Georg-Büchner-Preis 2025

100 Beste Bücher des Jahres der ZEIT

»Frau Ministerin, ich gratuliere Ihnen zu Ihrem Sohn.«

Ein radikal gegenwärtiger Roman über die abgründigen Beziehungen zwischen Söhnen und ihren Müttern. Mit einer Sprachkraft, die Staunen macht, erzählt die preisgekrönte Schriftstellerin Ursula Krechel von symbiotischer Mutterschaft, von existenziell gefährdeten Frauen und von politischer Gewalt.

Mit seiner Mutter sprechen zu müssen, ist für den Sohn von Eva Patarak ein Staatsverbrechen. Für Eva hingegen ist es ein Verbrechen, dass ihr Sohn und sie offenbar ausspioniert werden. Welches Ziel verfolgt die Lateinlehrerin Silke Aschauer mit ihrer Observation? Will sie etwa einen Roman schreiben? Bieten die grausamen Familienverhältnisse der Antike, die sie für den Unterricht aufbereitet, nicht ausreichend Stoff für Faszination? Fest steht nur: Silke hält längst nicht alle Fäden in der Hand, denn ihr eigener Körper hat einen blutigen Aufstand gegen sie angezettelt, der sie in die Rolle der Patientin zwingt. In ihrer Ohnmacht wenden sich beide Frauen an die Justizministerin – ohne zu ahnen, in welche Gefahr sie die Staatsvertreterin damit bringen. Ursula Krechel schreibt in ihrem hoch politischen und stilistisch herausragenden Roman eine Kulturgeschichte aller Frauen – von einer römischen Kaisermutter zu einer Studienrätin, von einer Verkäuferin in einem kleinen Kräuterimperium zu einer Ministerin.

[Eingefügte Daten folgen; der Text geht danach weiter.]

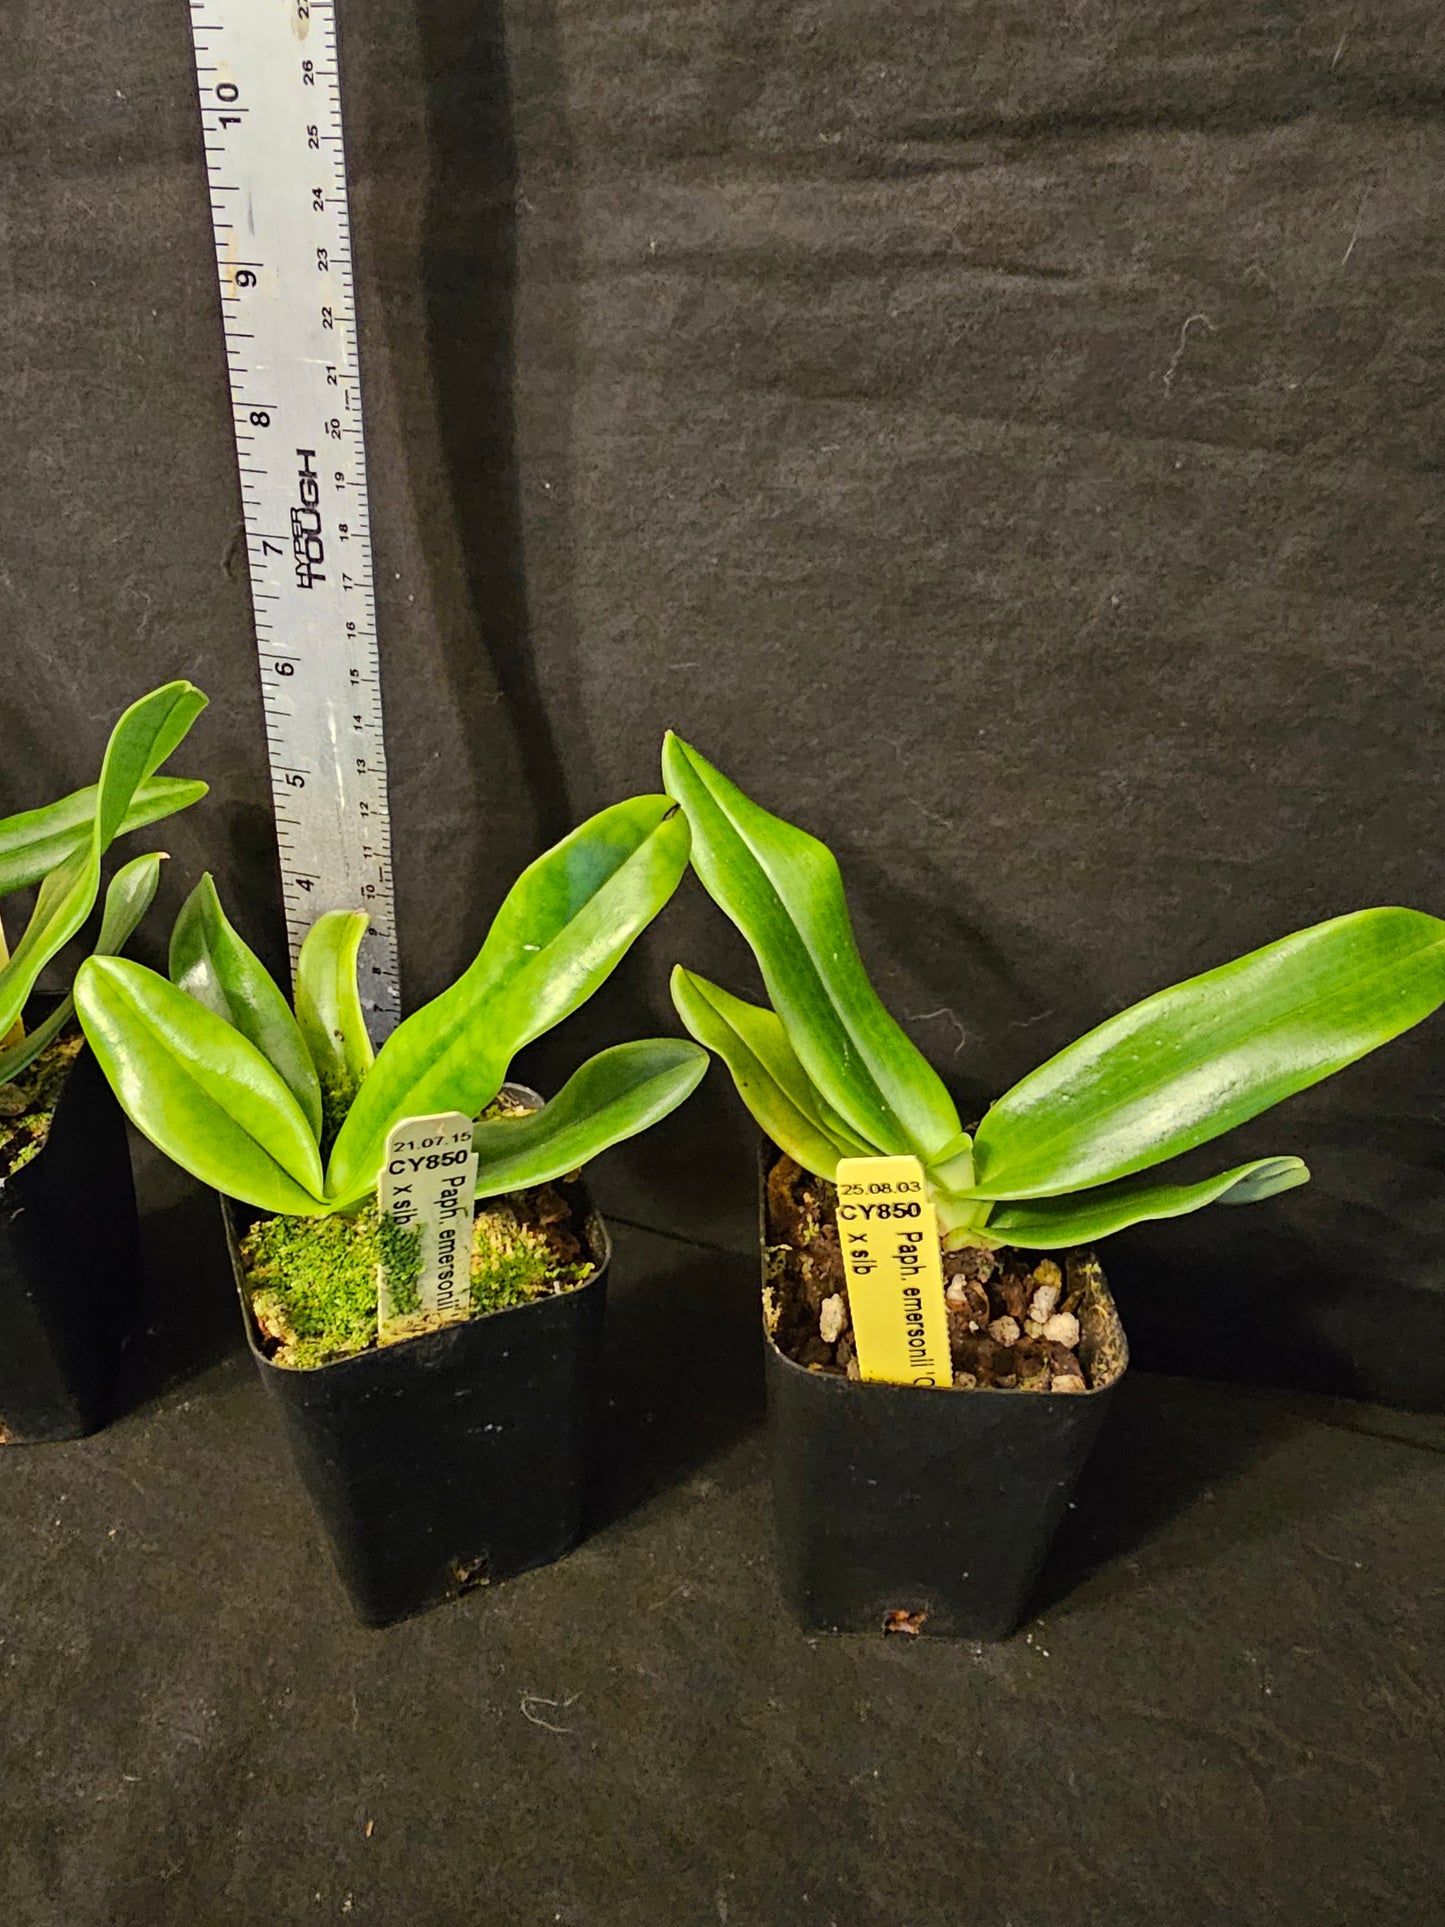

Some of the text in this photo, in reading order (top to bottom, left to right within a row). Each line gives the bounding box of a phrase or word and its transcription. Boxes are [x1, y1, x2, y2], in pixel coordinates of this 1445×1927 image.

[303, 59, 314, 86] 26
[216, 82, 242, 130] 10
[308, 124, 320, 150] 25
[313, 187, 324, 212] 24
[318, 248, 329, 272] 23
[235, 269, 257, 288] 9
[322, 306, 333, 329] 22
[327, 365, 337, 386] 21
[250, 411, 271, 428] 8
[331, 418, 341, 440] 20
[334, 472, 345, 491] 19
[296, 448, 326, 581] TOUGH
[339, 523, 349, 542] 18
[262, 540, 283, 556] 7
[343, 573, 353, 591] 17
[347, 621, 356, 640] 16
[275, 662, 295, 677] 6
[350, 669, 360, 686] 15
[353, 715, 363, 731] 14
[357, 758, 366, 775] 13
[286, 774, 305, 789] 5
[360, 801, 369, 818] 12
[363, 845, 372, 859] 11
[295, 878, 314, 892] 4
[366, 884, 376, 900] 10
[393, 1130, 472, 1153] 21.07.15
[388, 1149, 468, 1176] CY850
[840, 1180, 922, 1196] 25.08.03
[393, 1199, 417, 1226] sib
[839, 1201, 922, 1222] CY850
[433, 1175, 466, 1311] Paph. emersonii
[851, 1249, 878, 1275] sib
[892, 1231, 927, 1281] Paph.
[902, 1287, 935, 1367] emersonii

Es ist die Geschichte ihres Widerstands gegen die Gewalt, die ihnen physisch und psychisch zugemutet wird.

»Niemand erzählt so formbewusst wie Ursula Krechel.« Andreas Platthaus, FAZ

»Mit ihr zeichnet die Deutsche Akademie für Sprache und Dichtung eine Autorin aus, die in ihren Gedichten, Theaterstücken, Hörspielen, Romanen und Essays den Verheerungen der deutschen Geschichte und Verhärtungen der Gegenwart die Kraft ihrer Literatur entgegensetzt. […] Das Thema der Selbstbehauptung, Wiederentdeckung und Fortentwicklung weiblicher Autorschaft zieht sich als roter Faden durch ihr gesamtes Schaffen.« Jury des Georg-Büchner-Preises

Book Information

Main Genre
Novels
Sub Genre
Contemporary
Format
Hardback
Pages
368
Price
26.80 €

Author Description

Ursula Krechel, geb. 1947, war Theaterdramaturgin. Sie lehrte an der Universität der Künste Berlin, der Washington University St. Louis und ist Mitglied der Akademie der Künste Berlin, der Deutschen Akademie für Sprache und Dichtung in Darmstadt sowie der Akademie der Wissenschaften und der Literatur in Mainz. 2025 wurde sie mit dem Georg-Büchner-Preis ausgezeichnet. Sie lebt in Berlin.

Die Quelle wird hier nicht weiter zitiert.